Editor's note: Tom Johnston writes a monthly column entitled "Modeling Matters" that appears the third week of each month on dataWarehouse.com. Click here to read some of his articles.

In a recent series of articles by Fabian Pascal, I was surprised to find statements repeating, in language nearly identical to my own, a critique of relational DBMSs which I made in two series of articles - in 1991 and in 1993 - and again this year in a third series of articles. I am glad that Pascal apparently agrees with me, but I would like to correct his failure to attribute this original and important critique to me. Footnote citations are required not only for direct quotations, but also for material which was the first publication of ideas which are original and important, and which are not yet common knowledge. Otherwise, without that attribution, the author is tacitly claiming those ideas for his own.

Advertisement

Well, do these conditions hold? And if they do, how accessible were my original articles? Were they published in obscure journals which a reasonable effort at scholarly research might legitimately have overlooked? Let's see.

Summary of My Critique of Commercial Relational DBMSs

The basic point of my critique is that relational DBMSs force us to denormalize databases because they require a one- to-one link between logical objects and physical objects, in particular, between logical entities and physical tables.

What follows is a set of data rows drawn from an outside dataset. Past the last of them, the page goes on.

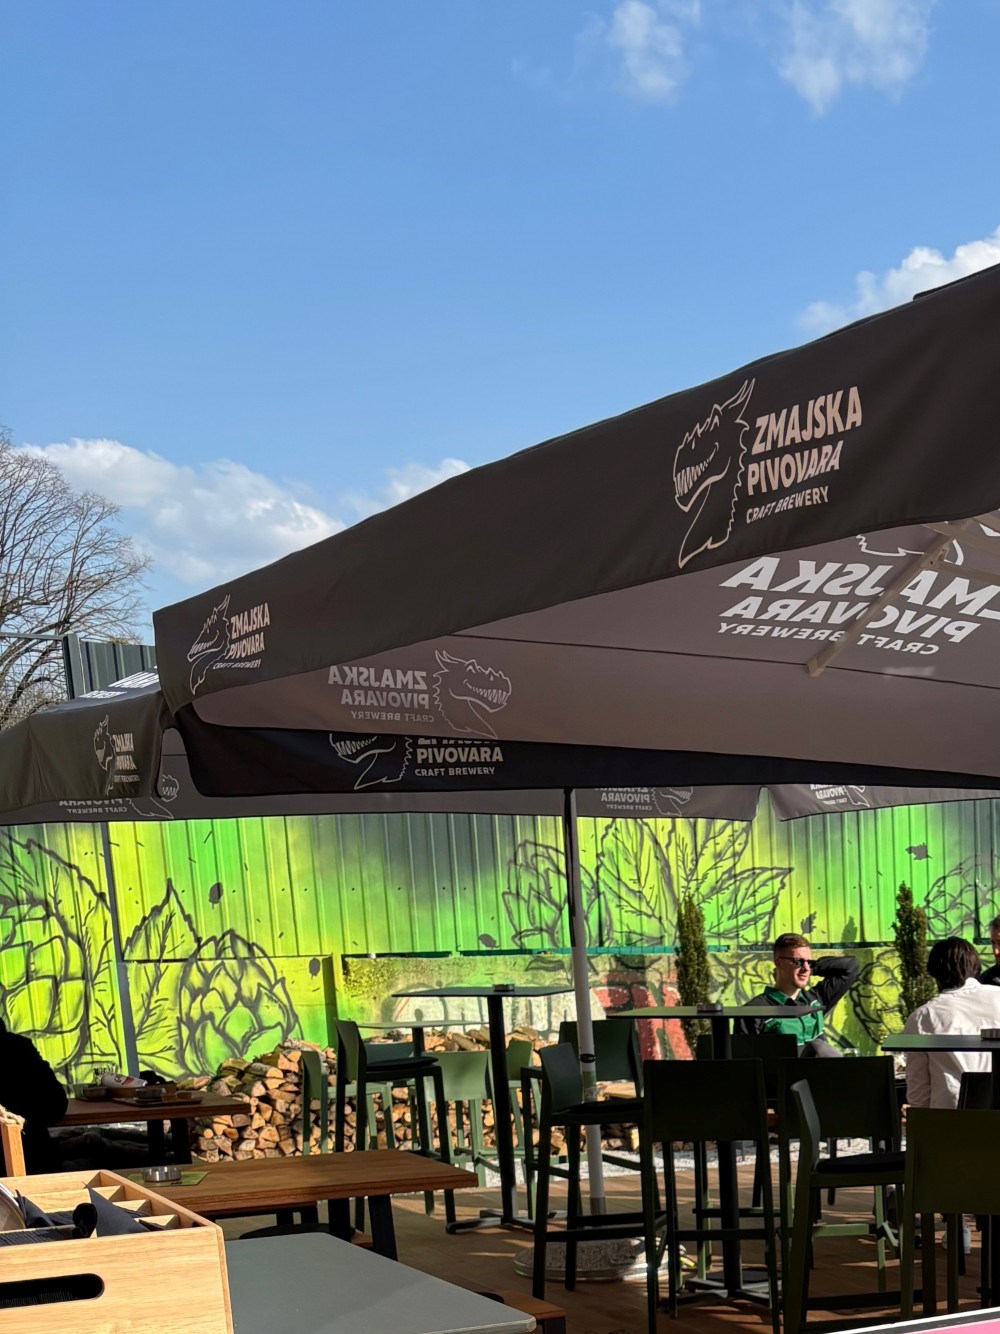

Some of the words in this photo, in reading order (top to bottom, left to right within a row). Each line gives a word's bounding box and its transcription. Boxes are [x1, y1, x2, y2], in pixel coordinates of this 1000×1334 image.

[752, 386, 862, 455] ZMAJSKA
[747, 440, 844, 496] PIVOVARA
[746, 501, 777, 524] CRAFT
[775, 486, 829, 513] BREWERY
[231, 602, 270, 640] ZMAJSKA
[225, 632, 265, 659] PIVOVARA
[414, 768, 445, 776] CRAFT
[448, 767, 495, 776] BREWERY
[417, 747, 503, 764] PIVOVARA

If RDBMS vendors, in conjunction with SQL standards committees, would remove this flaw, two major benefits would result. First, there would no longer be any reason to denormalize a database. No relational database would ever be denormalized, because the motivation for denormalization would be removed. Correcting this flaw would thus provide stability across all changes to the way data is physically stored. The normalized image of the database, presented to programmers and query writers, would remain completely unchanged even though extensive physical changes to the database were taking place. Across as many such changes as you please, code and queries would remain unaffected.

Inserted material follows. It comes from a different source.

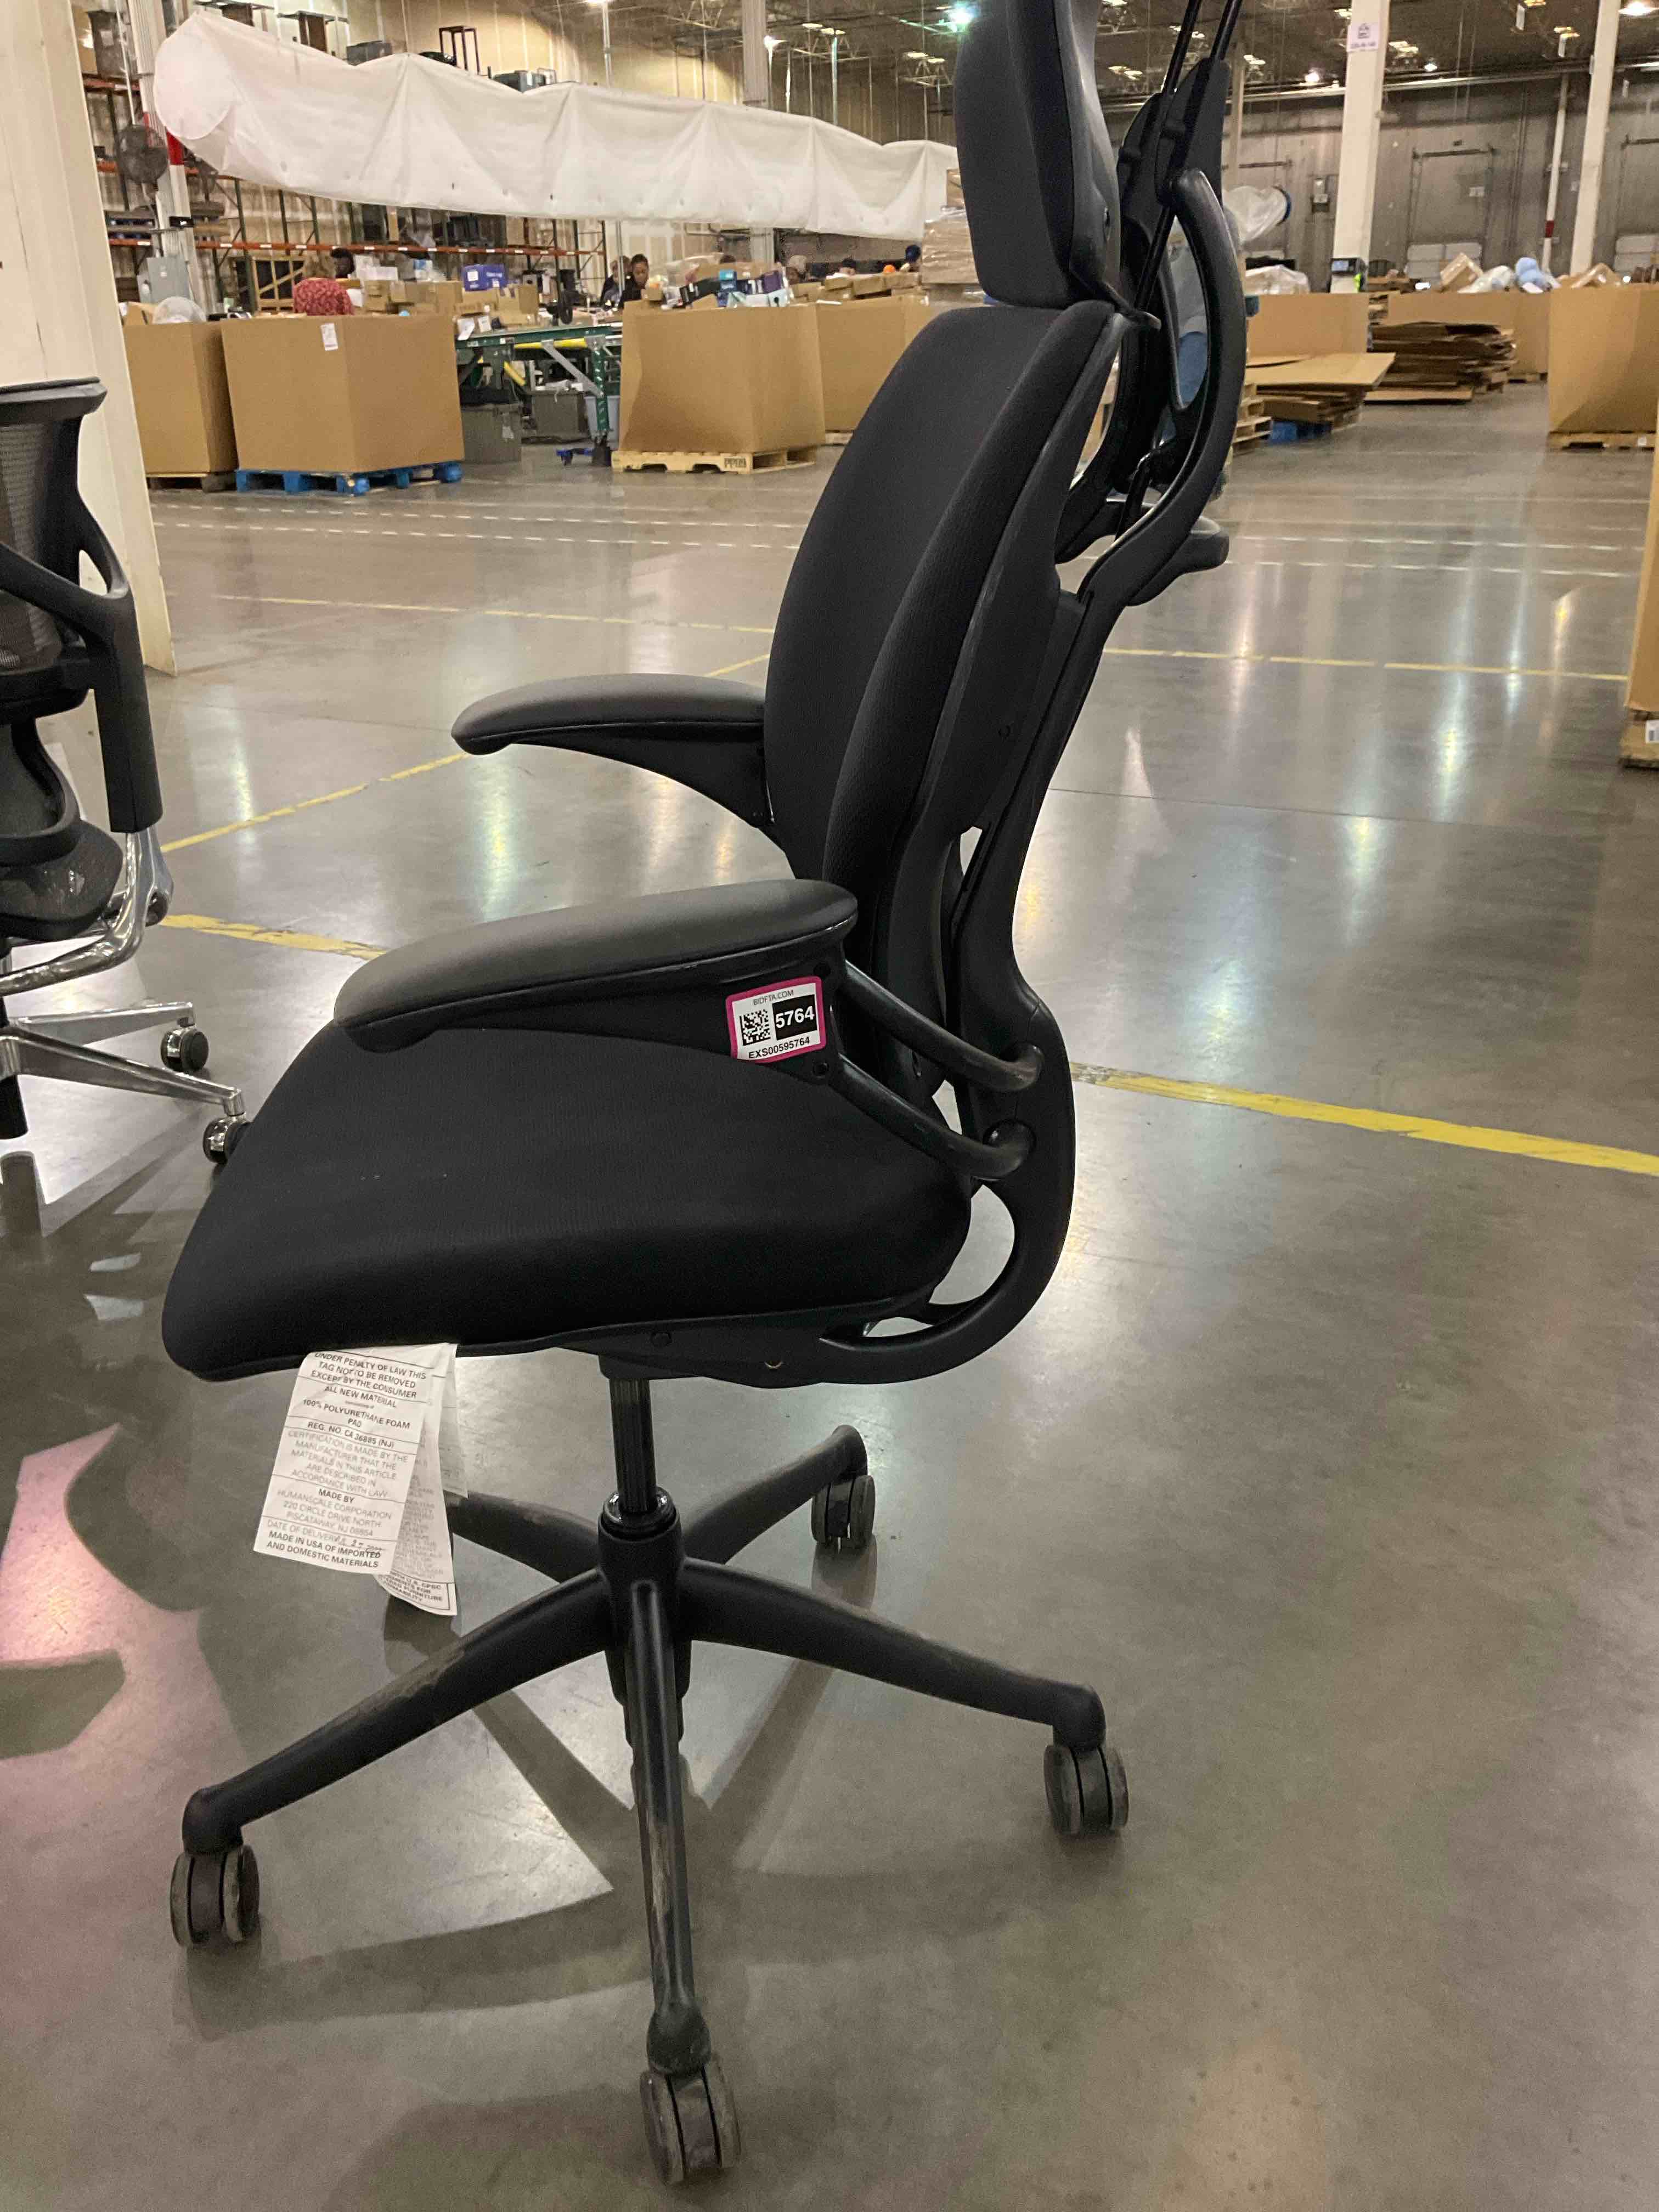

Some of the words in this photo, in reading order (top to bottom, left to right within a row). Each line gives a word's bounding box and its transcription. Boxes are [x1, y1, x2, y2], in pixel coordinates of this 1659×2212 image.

For example, with today's relational DBMSs, it is not possible to present a single Customer entity to the programmer and end-user SQL writer while, under the wraps, physically implementing that entity as multiple physical tables. But one might want to horizontally partition customer data into two or more physical tables to facilitate locality of reference or vertically partition customer data to cluster frequently referenced attributes into one table and infrequently referenced attributes into another table in order to improve performance against the frequently referenced data. Alone, or in combination with such partitioning techniques, one might also want to replicate one or more pieces of customer information across multiple physical tables.

It should be possible to do these things without changing what the programmer and query writer sees as the database and, therefore, without requiring queries or code to be changed. A relational DBMS which made this possible would, in the terms I used for the critique, fully distinguish the ANSI/SPARC Conceptual and Internal data layers, making possible non-one-to-one mappings between objects in the two layers. To fully distinguish these layers, SQL DDL would also have to be changed and augmented, permitting each layer to be separately defined and permitting mappings between the two layers to be defined as well. Recommended SQL DDL changes, as well as extensive illustrations of what databases managed by re-architected relational DBMSs would look like, are provided in all three of my series of articles.

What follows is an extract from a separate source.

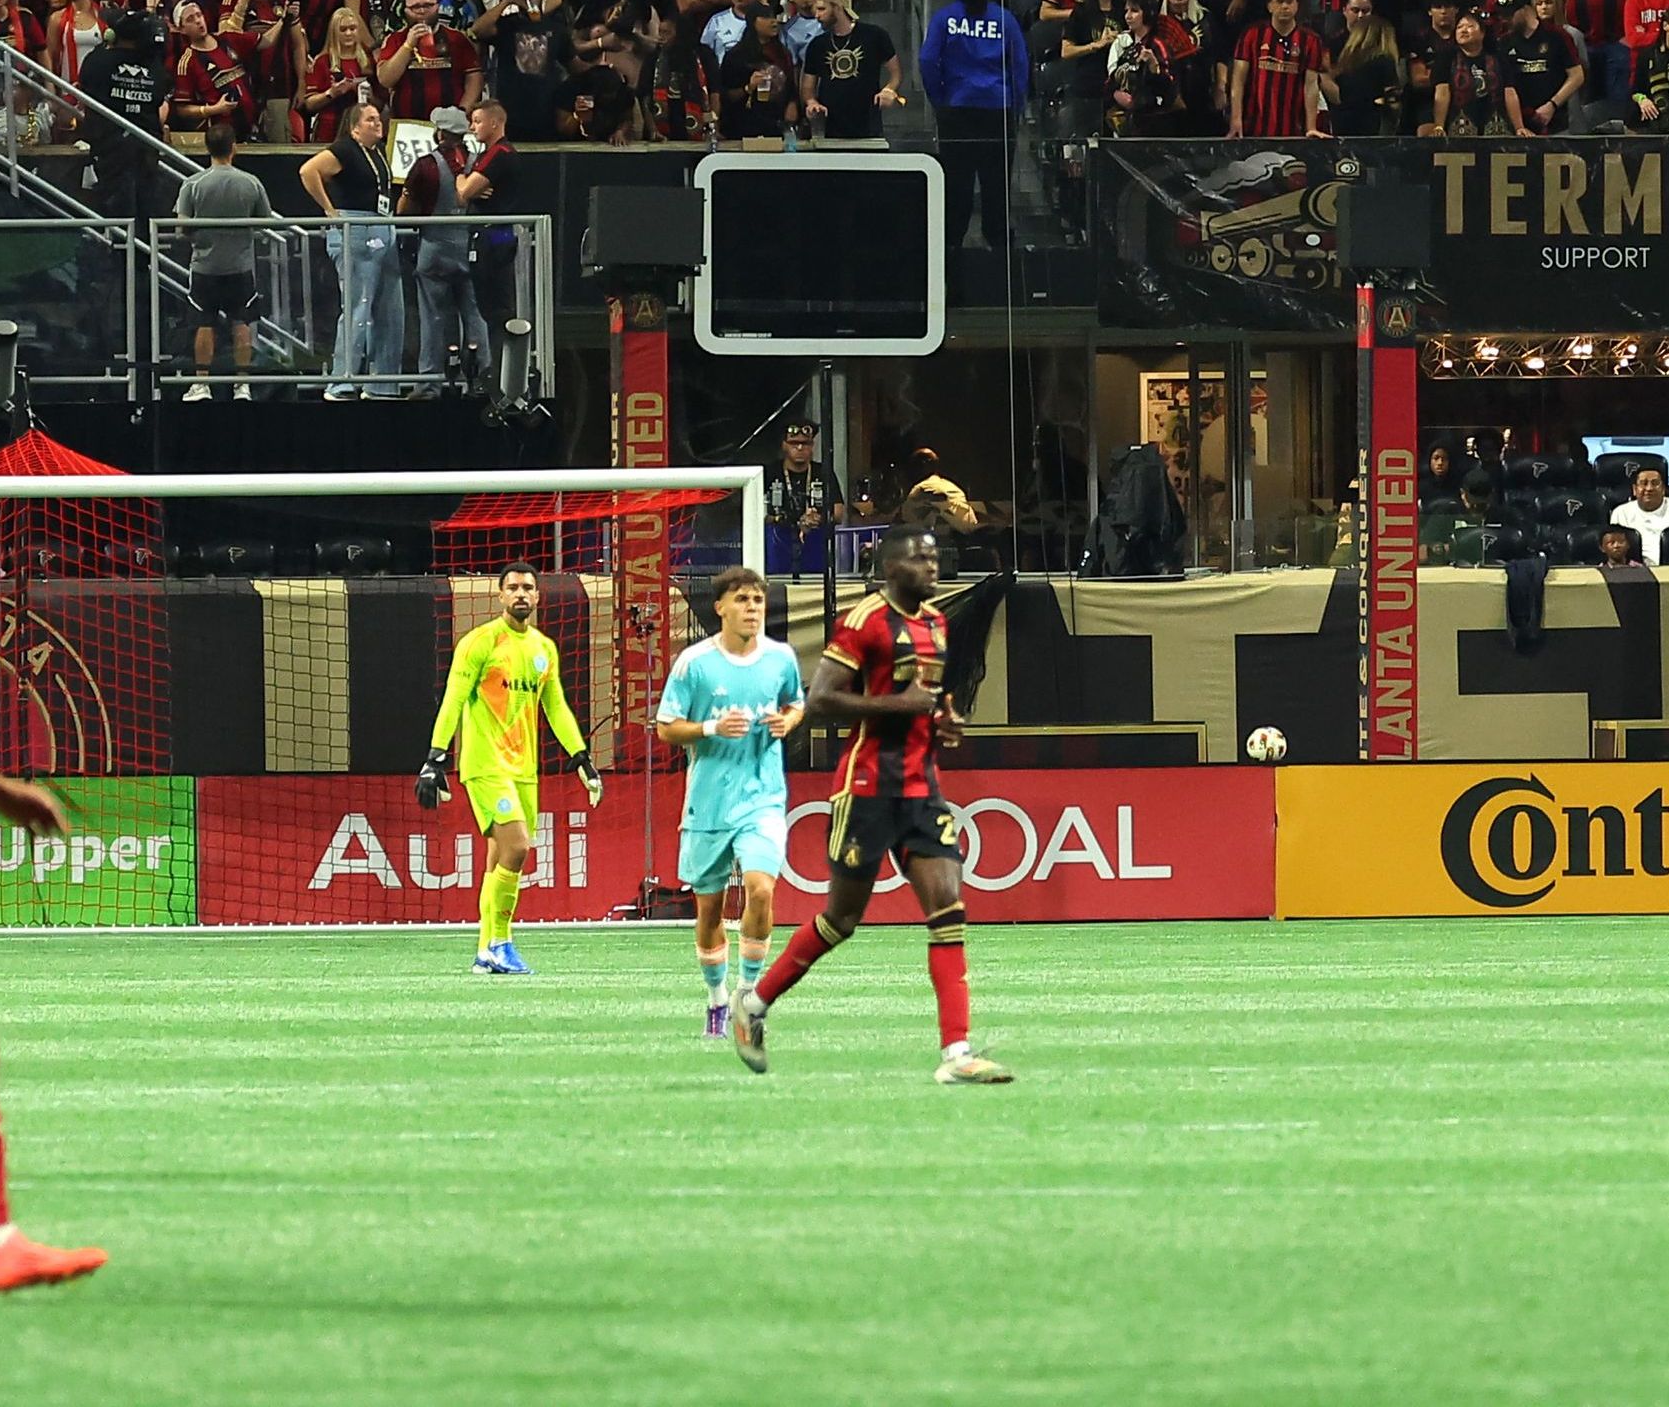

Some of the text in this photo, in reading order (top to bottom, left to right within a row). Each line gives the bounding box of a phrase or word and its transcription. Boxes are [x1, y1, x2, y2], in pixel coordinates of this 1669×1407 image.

The second major benefit of removing this architectural flaw from relational DBMS products is that doing so would increase the intelligibility of the image of the database presented to those who access it, thereby reducing errors in code and queries. This would happen because the only data structures made visible by the DBMS would be those which, through normalization, express the semantics of the data being stored in the database, clouded by nothing in the way of physical implementation details. Replication of customer name onto several physical tables, for example, would be completely hidden. No matter how extensive the replication, programmers and query writers would write SQL against a database in which customer name occurred only once, as an attribute of the Customer entity.

The Parallels Between Pascal's Statements and My Own

Several quotations from Pascal and me will establish that the parallels are indeed substantial. While the quotations all express variations on a single theme, note also that there is a striking similarity in the very phraseology used, not just in the points made. The key phrases are variations on "one-for-one correlation between logical entities and physical tables" and have been underlined in the lists of quotations below. These phrases concisely express the central architectural flaw in current relational DBMS products. This flaw is as true of these products today as it was a decade ago when I first pointed it out.

Now for the statements themselves. First, Pascal's statements.


Figure 1: Pascal on the Logical/Physical Confusion: 2002

Now for my own material, first from my 1991 series. Note that, in my publications, I have emphasized that the "one-for-one" flaw exists with respect not just to logical tables and rows vs. physical files and records, but also with respect to logical attributes vs. physical fields. The second quotation in Figure 2 expands on that point.

The third quotation in Figure 2, and the second in Figure 3, emphasize that if this architectural flaw were fixed, there would be no reason to ever again denormalize a database, a point made by Pascal in the last of the quotations listed in Figure 1. I made that point, and provided extensive illustrations of it, in my 1991, 1993 and 2002 series. That same third quotation puts the blame for denormalization squarely on the shoulders of the RDBMS vendors, a point Pascal makes, twelve years after I made it, in the second of his quotations in Figure 1.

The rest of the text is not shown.